Alcuni strumenti moderni come l'ecotomografia, la risonanza magnetica nucleare (RMN) e la Tomografia assiale computerizzata (TAC) si sono dimostrati essenziali per l'iter diagnostico. Le nuove tecniche di valutazione istopatologica delle cellule del tumore, con l'impiego di indagini citogenetiche e biomolecolari, permettono di identificare, nell'ambito di uno stesso tipo di tumore, dei sottogruppi a diverso comportamento biologico, la cui identificazione consente di attuare una terapia sempre più mirata ed efficace.

Le Terapie


Le terapie sono combinazioni, secondo il tipo tumorale, di chemioterapia, chirurgia e radioterapia, a cui è stata aggiunta negli ultimi anni la possibilità di trapianto di midollo osseo.

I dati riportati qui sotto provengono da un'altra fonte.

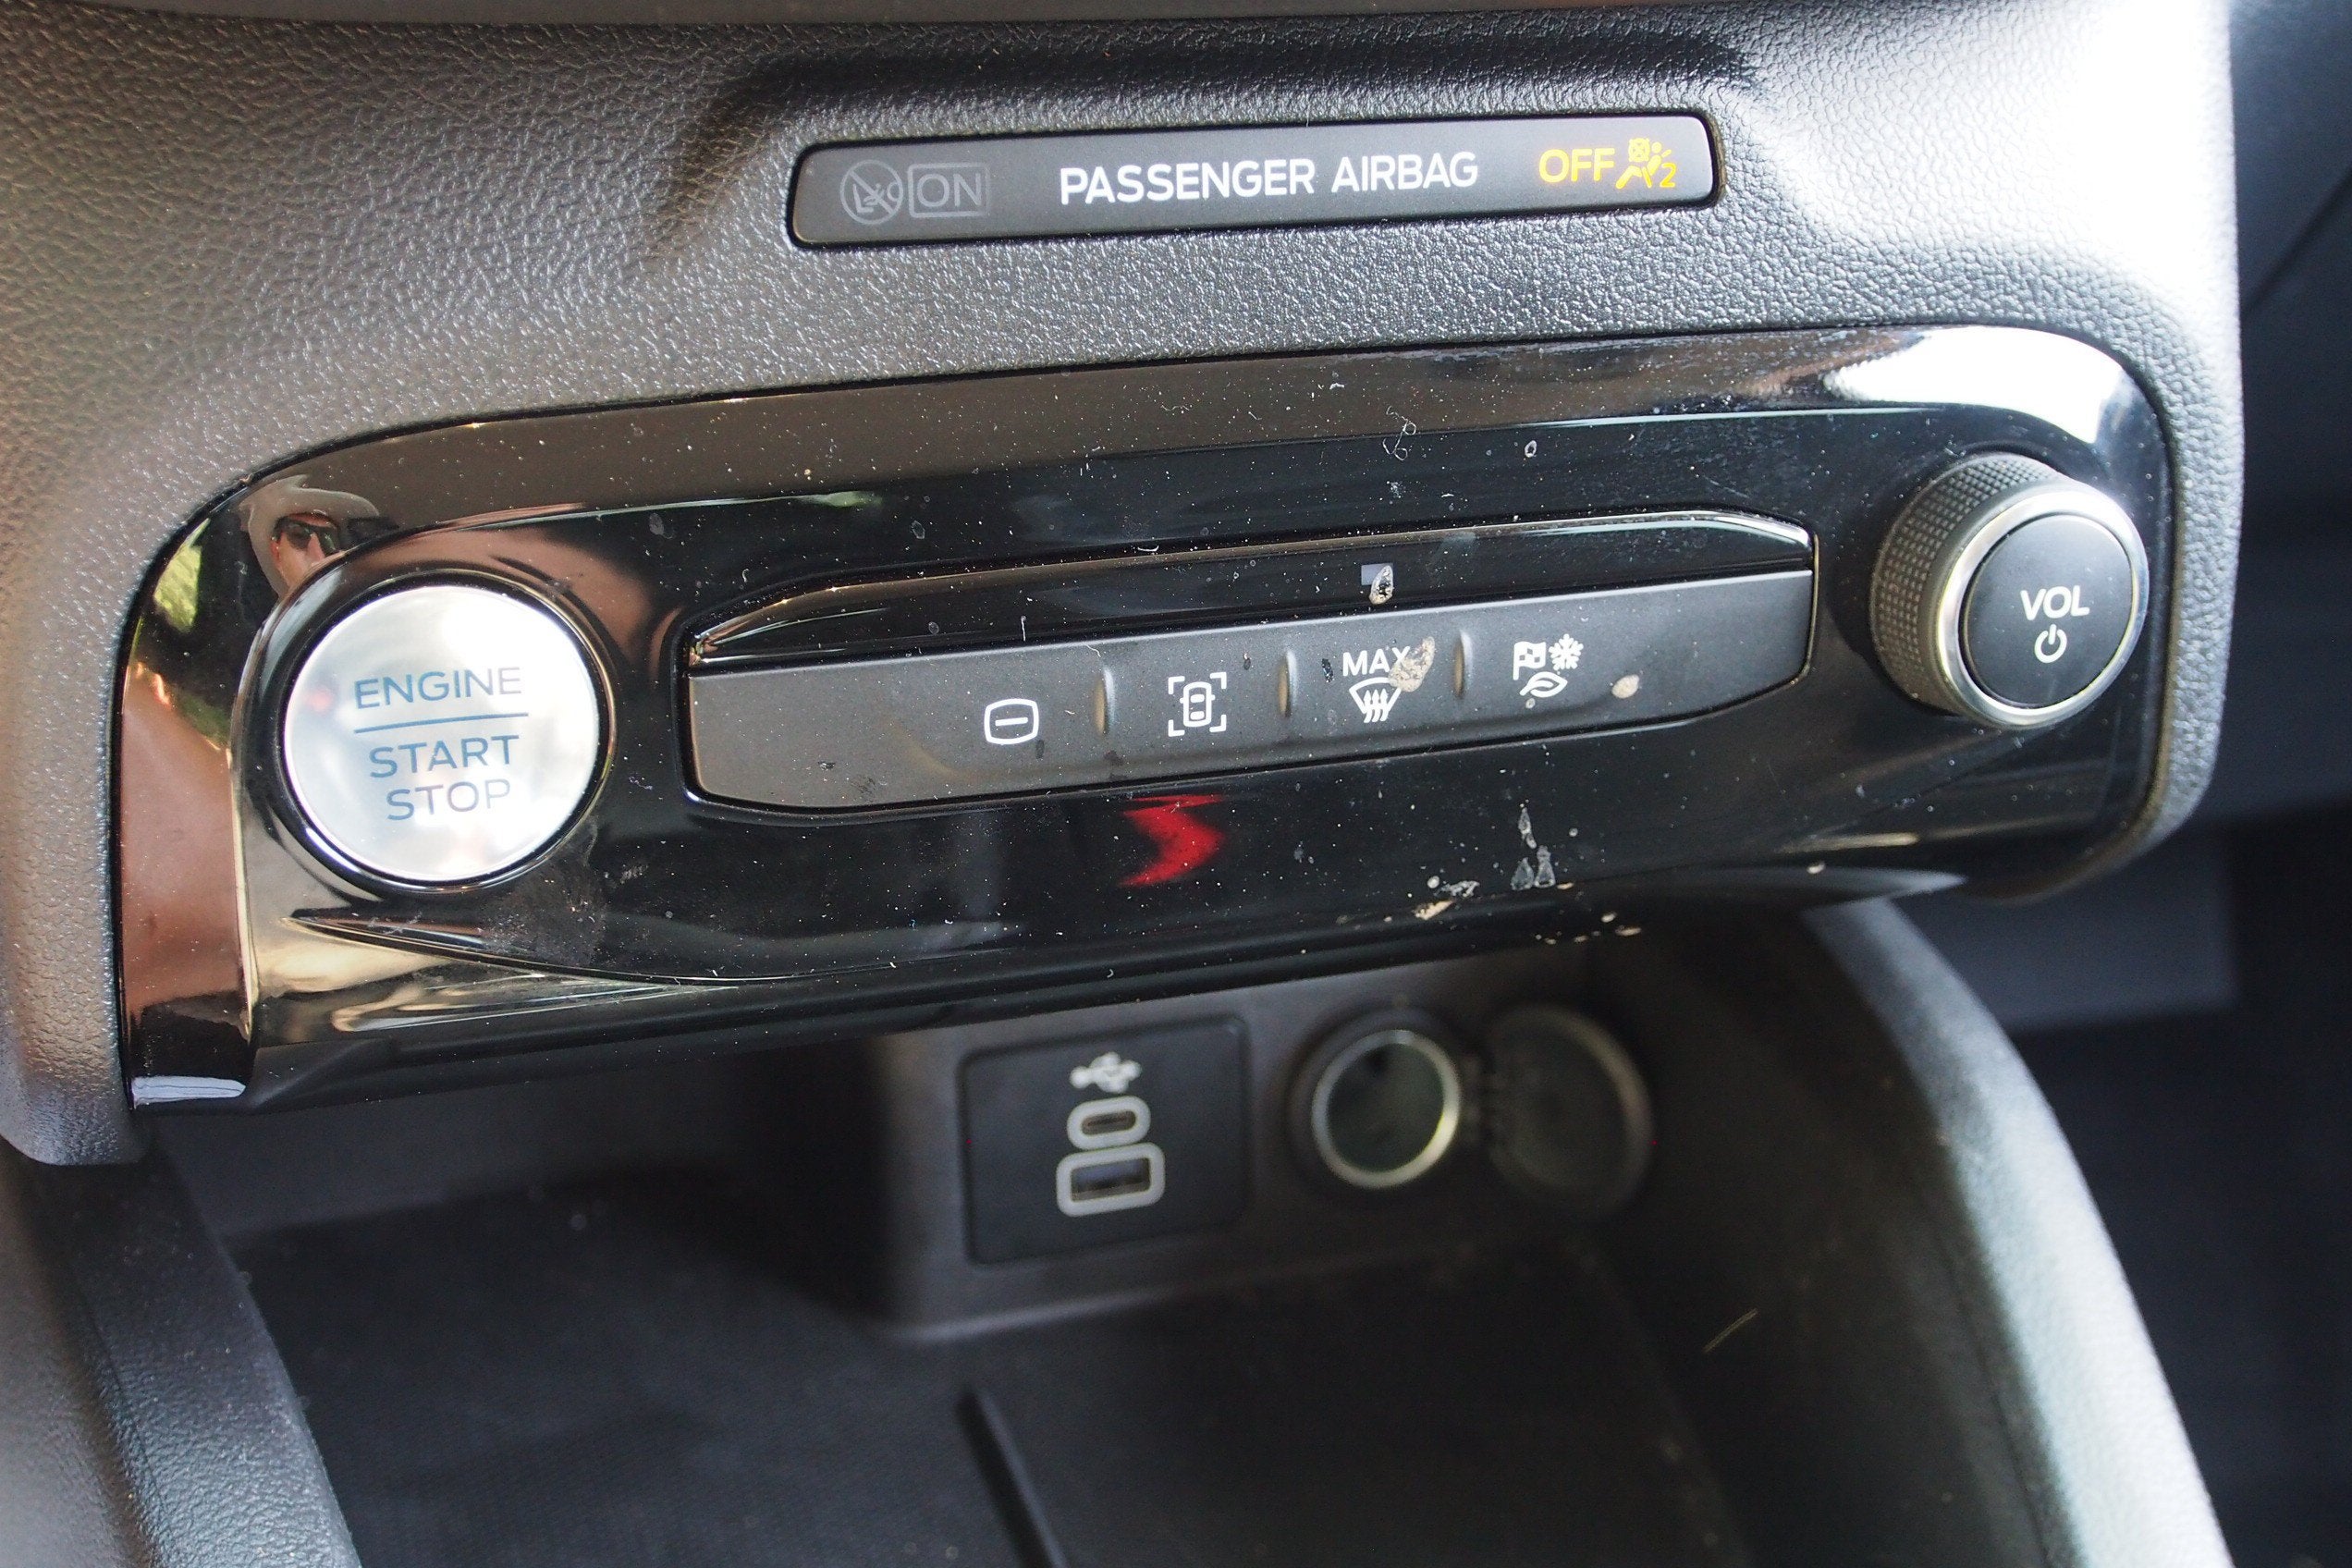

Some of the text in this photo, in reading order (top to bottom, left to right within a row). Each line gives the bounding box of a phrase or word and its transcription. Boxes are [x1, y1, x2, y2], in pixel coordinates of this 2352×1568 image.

Tutte queste terapie sono raggruppate in un disegno terapeutico specifico per ogni bambino chiamato "protocollo".

La chemioterapia.

I farmaci chemioterapici interferiscono con le capacità delle cellule tumorali di dividere e riprodursi. La chemioterapia è, di solito, una "multichemioterapia" cioè non si utilizza un unico farmaco antitumorale ma una combinazione di farmaci, pratica che si è dimostrata essenziale per debellare le cellule tumorali e distruggere il tumore. Questi farmaci colpiscono cellule in rapida crescita, quindi colpiscono in particolare le cellule tumorali, caratterizzate da una crescita rapidissima e incontrollata, ma colpiscono, seppure in misura minore, anche le cellule del corpo che si moltiplicano con un certo ritmo (mucose di bocca e vie digestive, midollo osseo, follicoli piliferi). Questa spiega certi effetti collaterali, ad esempio la caduta dei capelli e l'abbassamento dei valori del sangue (diminuzione di globuli rossi, globuli bianchi e piastrine) con susseguente anemia, leucopenia (tendenza ad infezione) e piastrinopenia (minor coagulazione del sangue) durante la terapia. Tuttavia le cellule normali sono in grado di difendersi dal danno, a differenza delle cellule tumorali, e gli effetti collaterali immediati o a breve distanza scompaiono dopo la sospensione della terapia. Alcuni composti hanno anche potenziali effetti tossici sugli organi, e causano, in alcuni casi, effetti collaterali a lungo termine che si sviluppano anche molto tempo dopo la sospensione delle terapie e richiedono controlli regolari dei pazienti anche quando sono fuori terapia o guariti. Alcuni di questi controlli devono continuare nell'età adulta, per evidenziare tempestivamente gli effetti tardivi della terapia ed intervenire in tempi rapidi. La moderna ricerca, oltre a valutare gli effetti di molecole nuove, mira a modificare la combinazione, il dosaggio e i tempi di somministrazione dei farmaci in uso per ottenere l'effetto migliore con minori effetti negativi immediati e a distanza.

La radioterapia

E' di fondamentale importanza nella cura dei tumori pediatrici, anche se è stata riconsiderata rispetto al passato. Infatti, in alcuni pazienti guariti dal tumore può provocare, a distanza di anni, in rapporto all'area irradiata, danni somatici, danni alla crescita e allo sviluppo psico-intellettiva o danni alle funzioni endocrine. E' quindi impiegata con cautela e con tecniche più sofisticate che mirano a ridurre il rischio di effetti collaterali e di un secondo tumore radio-indotto.

La chirurgia

Mantiene un ruolo fondamentale nella terapia dei tumori pediatrici, anche se oggi è inserita in protocolli di cura in cui è associata alla chemioterapia e, a seconda del caso, alla radioterapia. Ciò consente al paziente di arrivare all'intervento quando il volume del tumore è già stato ridotto per effetto della chemioterapia +/- radioterapia, con maggiori possibilità di una asportazione completa e minore necessità di interventi demolitivi su organi e tessuti vitali. Nei sarcomi ossei, ad esempio, interventi di amputazione di arti sono sempre più rari, ed è spesso possibile la ricostruzione della parte mancante e la ripresa della funzionalità dell'arto.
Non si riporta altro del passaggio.